On Thu, Jan 15, 2015 at 05:39:09PM +0100, Frank fiene wrote:
It was not designed for client authentication. But what is the problem for Mailserver to Mailserver authentication in both directions?
All well administrated mail system have reverse DNS configured, if that would be DNSSEC secured, perfect!
It can't be DNSSEC secured. The MiTM attacker can change the apparent IP address of an email stream (source NAT it). Even IPsec won't help, it'll just establish that the source NAT flow is securely coming from the MiTM's IP address.
So reverse DNS, then TLSA/DNSSEC plus Certificate validation and everything would be fine for both sides!
Except that this is useless. It proves nothing about the true origin of the sending entity, nor are PTR records the right name for a client in many cases, as that name space is controlled by the ISP, not the customer.
For client DANE to work with SMTP, it would have to be based on the EHLO name, or some similar name provided in-band via a new SMTP command.

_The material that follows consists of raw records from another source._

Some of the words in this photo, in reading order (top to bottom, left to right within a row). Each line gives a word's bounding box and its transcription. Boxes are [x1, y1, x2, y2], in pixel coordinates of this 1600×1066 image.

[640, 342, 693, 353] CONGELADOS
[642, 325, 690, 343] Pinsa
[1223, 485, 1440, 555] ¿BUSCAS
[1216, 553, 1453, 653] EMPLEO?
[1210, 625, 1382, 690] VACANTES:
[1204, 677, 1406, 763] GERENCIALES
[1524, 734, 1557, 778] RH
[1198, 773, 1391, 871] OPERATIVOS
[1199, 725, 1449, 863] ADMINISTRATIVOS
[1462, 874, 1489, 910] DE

Clients would be free to not send such a name, so these names would not be usable to restrict access, they would only be useful to whitelist.

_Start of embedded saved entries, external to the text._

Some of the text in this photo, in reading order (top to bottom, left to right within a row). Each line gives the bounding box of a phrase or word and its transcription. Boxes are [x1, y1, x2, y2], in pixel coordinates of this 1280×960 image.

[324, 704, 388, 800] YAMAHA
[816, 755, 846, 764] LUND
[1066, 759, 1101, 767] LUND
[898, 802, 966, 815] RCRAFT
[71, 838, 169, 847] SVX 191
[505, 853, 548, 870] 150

The apparent symmetry between client and server in "mutual authentication" is mostly an illusion. Authentication of the server protects the channel, while authentication of the client protects the requested resource, and is only useful when the resource supports restricted access, or the protocol support role reversal with the server becoming a client and wanting to know whether the peer is authentic in that new context.
You're getting carried away with an over-simplified security model.